> **Work item**:
Exactly as they appear, output all of the records. Skip any images.

Items from a dataset

▬▬▬

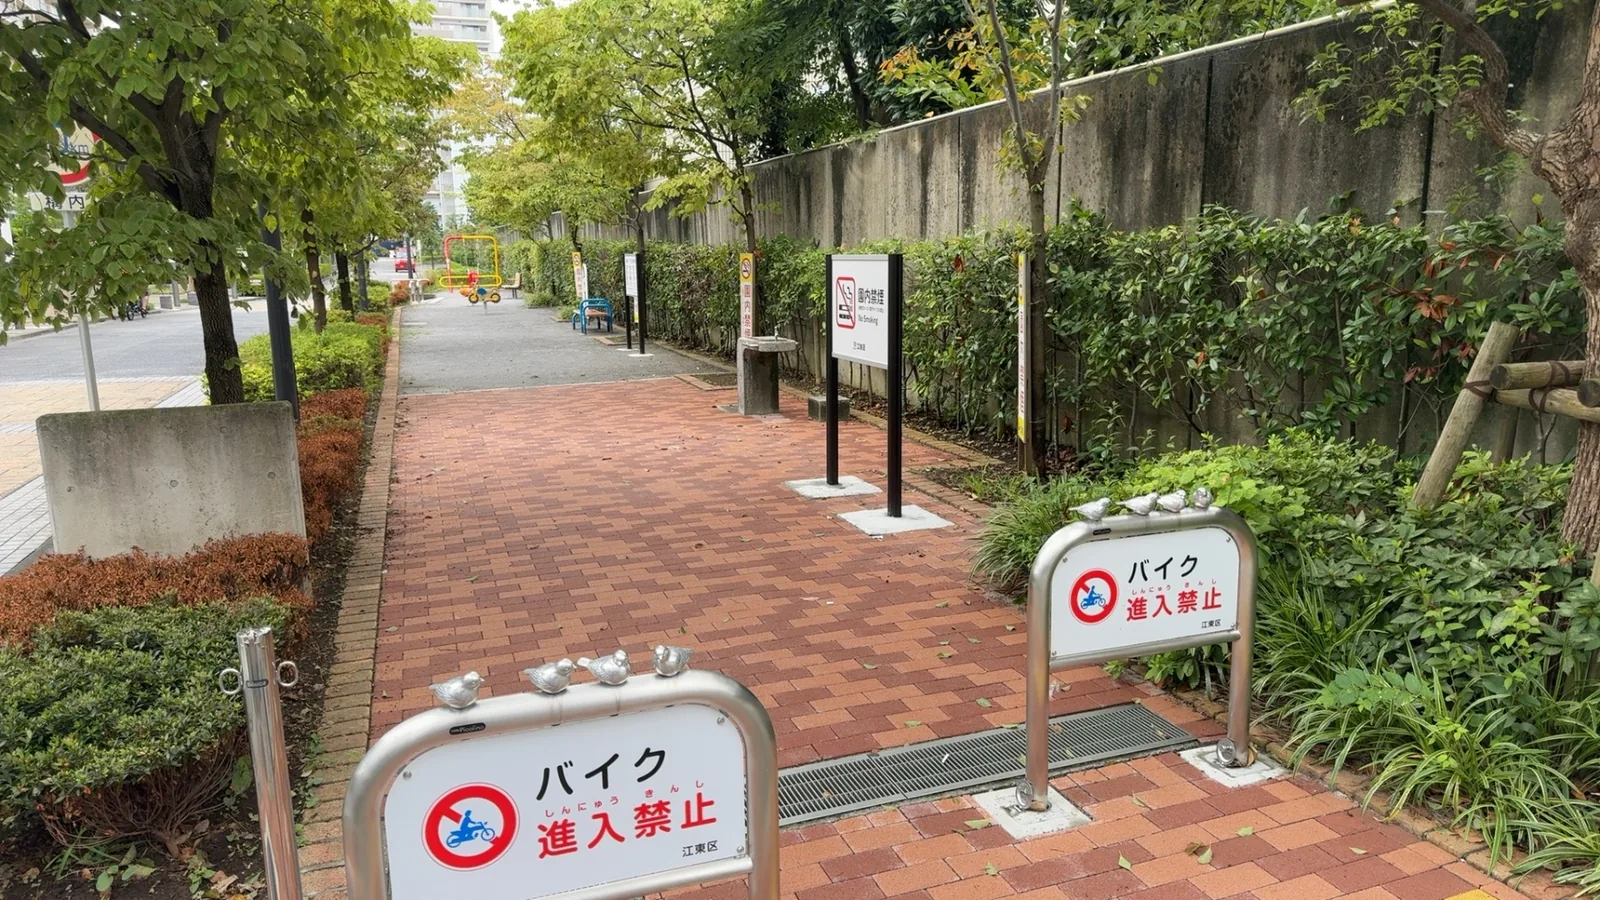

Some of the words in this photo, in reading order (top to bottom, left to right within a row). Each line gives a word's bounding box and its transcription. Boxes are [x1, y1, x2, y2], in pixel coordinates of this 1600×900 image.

[864, 315, 878, 326] Smoking
[1128, 555, 1198, 583] バイク
[1126, 586, 1222, 621] 進入禁止
[1132, 584, 1171, 595] しんにゅう
[1201, 619, 1222, 629] 江東区
[536, 747, 666, 800] バイク
[545, 796, 619, 818] しんにゅう
[645, 780, 704, 799] きんし
[537, 792, 717, 859] 進入禁止
[682, 840, 719, 857] 江東区

▬▬▬

> **Task response**:
Some of the words in this photo, in reading order (top to bottom, left to right within a row). Each line gives a word's bounding box and its transcription. Boxes are [x1, y1, x2, y2], in pixel coordinates of this 1600×900 image.

[864, 315, 878, 326] Smoking
[1128, 555, 1198, 583] バイク
[1126, 586, 1222, 621] 進入禁止
[1132, 584, 1171, 595] しんにゅう
[1201, 619, 1222, 629] 江東区
[536, 747, 666, 800] バイク
[545, 796, 619, 818] しんにゅう
[645, 780, 704, 799] きんし
[537, 792, 717, 859] 進入禁止
[682, 840, 719, 857] 江東区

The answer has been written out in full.